● Your instructions
Skip the images; return every entry exactly.

● Supplied material
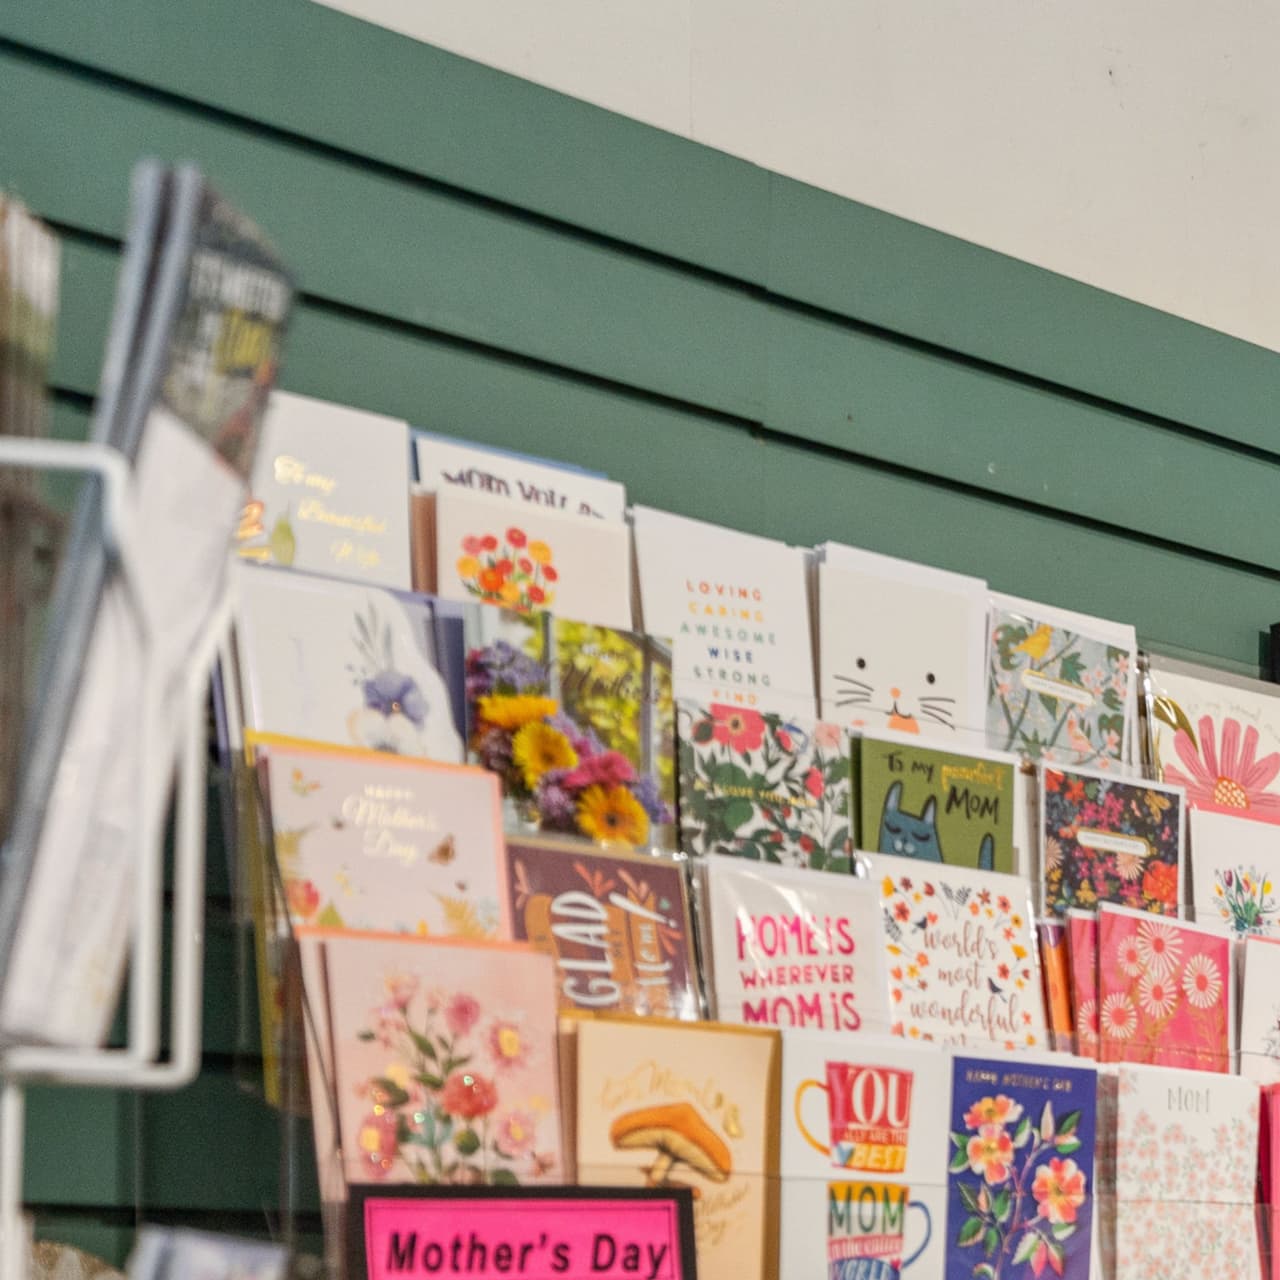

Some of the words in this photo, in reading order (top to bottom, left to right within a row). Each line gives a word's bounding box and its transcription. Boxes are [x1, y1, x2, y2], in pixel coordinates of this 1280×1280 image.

[685, 579, 763, 601] LOVING
[689, 601, 765, 621] CARING
[680, 621, 777, 645] AWESOME
[708, 647, 754, 663] WISE
[693, 665, 771, 687] STRONG
[912, 762, 933, 782] my
[739, 963, 854, 989] WHEREVER
[938, 962, 979, 989] most
[829, 1185, 905, 1237] MOM
[387, 1232, 570, 1272] Mother's
[591, 1234, 668, 1280] Day

● Problem solution
Some of the words in this photo, in reading order (top to bottom, left to right within a row). Each line gives a word's bounding box and its transcription. Boxes are [x1, y1, x2, y2], in pixel coordinates of this 1280×1280 image.

[685, 579, 763, 601] LOVING
[689, 601, 765, 621] CARING
[680, 621, 777, 645] AWESOME
[708, 647, 754, 663] WISE
[693, 665, 771, 687] STRONG
[912, 762, 933, 782] my
[739, 963, 854, 989] WHEREVER
[938, 962, 979, 989] most
[829, 1185, 905, 1237] MOM
[387, 1232, 570, 1272] Mother's
[591, 1234, 668, 1280] Day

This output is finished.